Twenty-five years ago in Berlin, the only thing the countries could agree on was the fact that the commitments made in Rio to stabilize greenhouse gas emissions to their 1990 levels by 2000 were inadequate.
Those commitments did not include any emissions reduction targets, no international mechanism to combat climate change, or any dedicated funding mechanism by the industrialized countries to help developing countries adapt to climate change.
I attended the Glasgow summit a few weeks ago as the new Minister of Environment and Climate Change. More than 50,000 people attend those conferences, and it is no longer just government negotiators, NGO representatives and scientists.
At these meetings, we now have representatives from civil society, indigenous organizations, labour, municipalities, businesses and the financial sector, as well as innovators and investors. They are all saying that they want to be part of this and they want to be part of the solution, which is something we have never seen before. To say that nothing has happened when looking at all of the initiatives that have taken place at the municipal level, in our communities, in many provinces over the years and, frankly, all around the world is to deny the fact that the world has started to tackle climate change.
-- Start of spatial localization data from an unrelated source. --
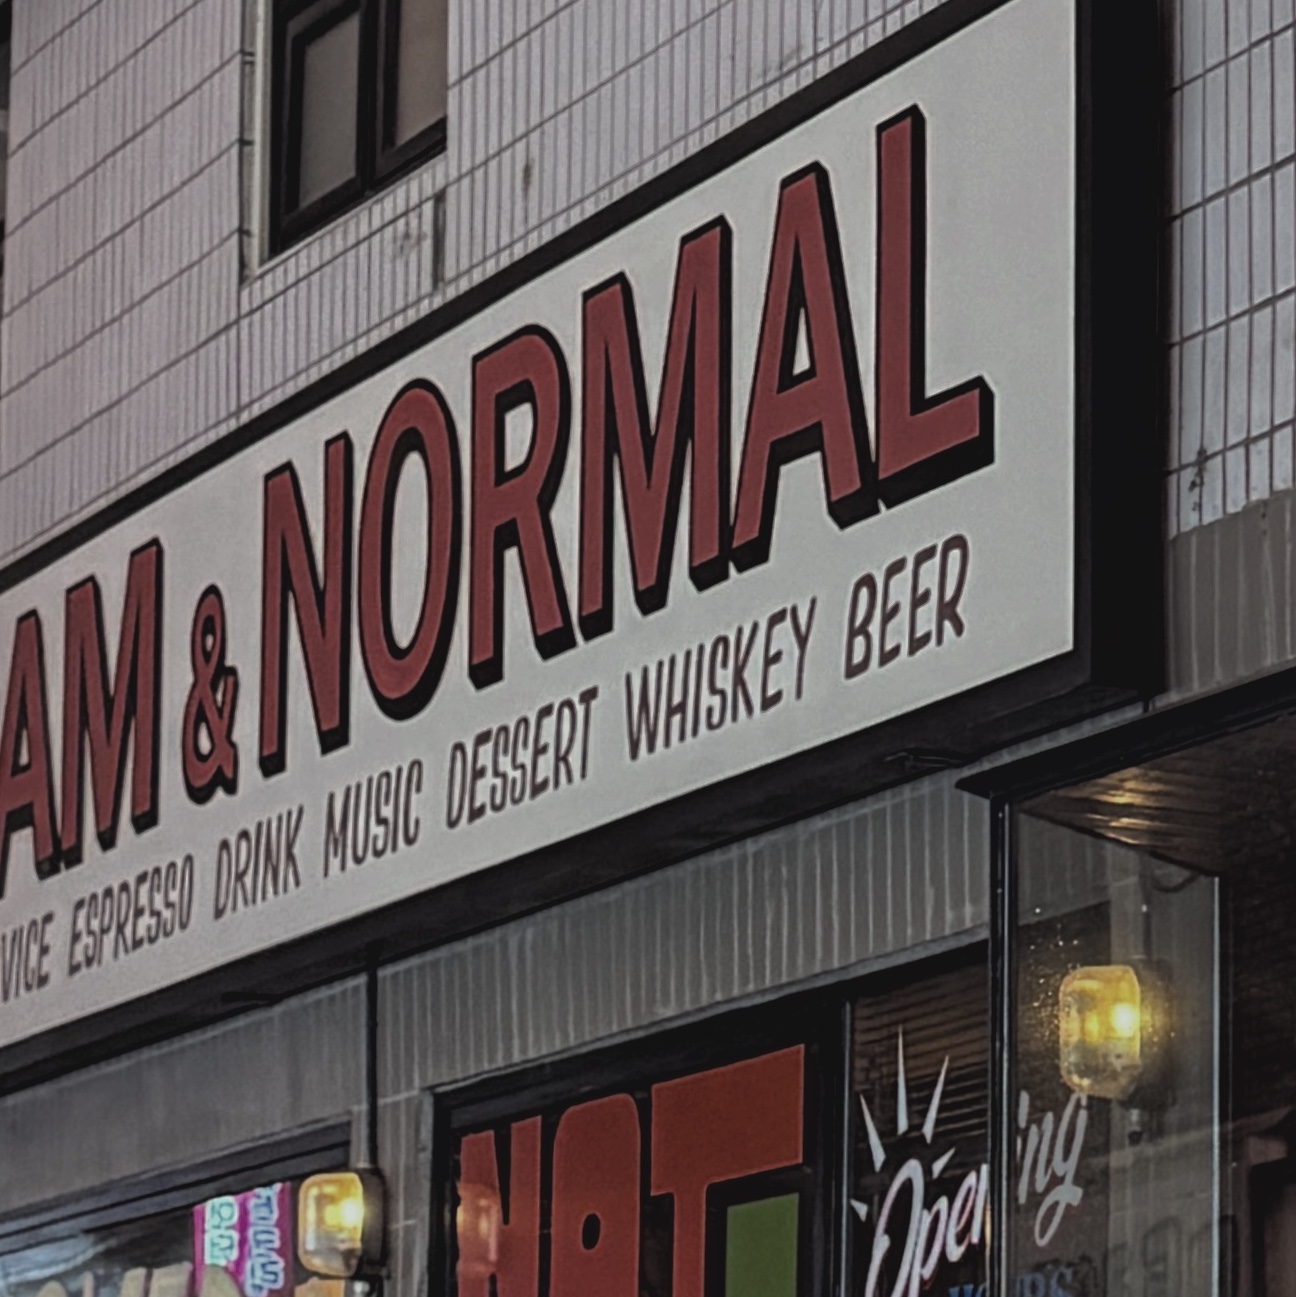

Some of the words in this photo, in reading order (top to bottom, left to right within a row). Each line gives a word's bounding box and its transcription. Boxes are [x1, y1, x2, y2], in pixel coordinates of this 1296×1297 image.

[182, 584, 239, 805] &
[258, 103, 995, 779] NORMAL
[67, 853, 194, 978] ESPRESSO
[213, 804, 303, 921] DRINK
[323, 759, 423, 879] MUSIC
[445, 685, 598, 830] DESSERT
[625, 596, 816, 761] WHISKEY
[844, 533, 970, 680] BEER
Now, clearly, as the commissioner's report points out, we need to do more. There is an international agreement on the fact that we need to do more, which was recognized in Glasgow, which is recognized in many of the IPCC reports and which is certainly recognized in the commissioner's report.
As I am sure my colleague has read the commissioner's report, she will know that the report did not study the 2016 pan-Canadian framework plan on climate change that our government presented in 2016, or the enhanced climate plan that was presented in 2020. The commissioner did not study the 100 or so measures that have been introduced by our government since 2016 as well as the $100 billion that we are currently investing in Canada.
I will finish up on this. As our last inventories have shown, we have managed to flatten the curve to 2030. We have taken out more than 30 million tonnes of CO2 greenhouse emissions that would have been in the atmosphere. That is almost equivalent to half of Quebec's overall emissions. So, our plan is working, but we need to accelerate it.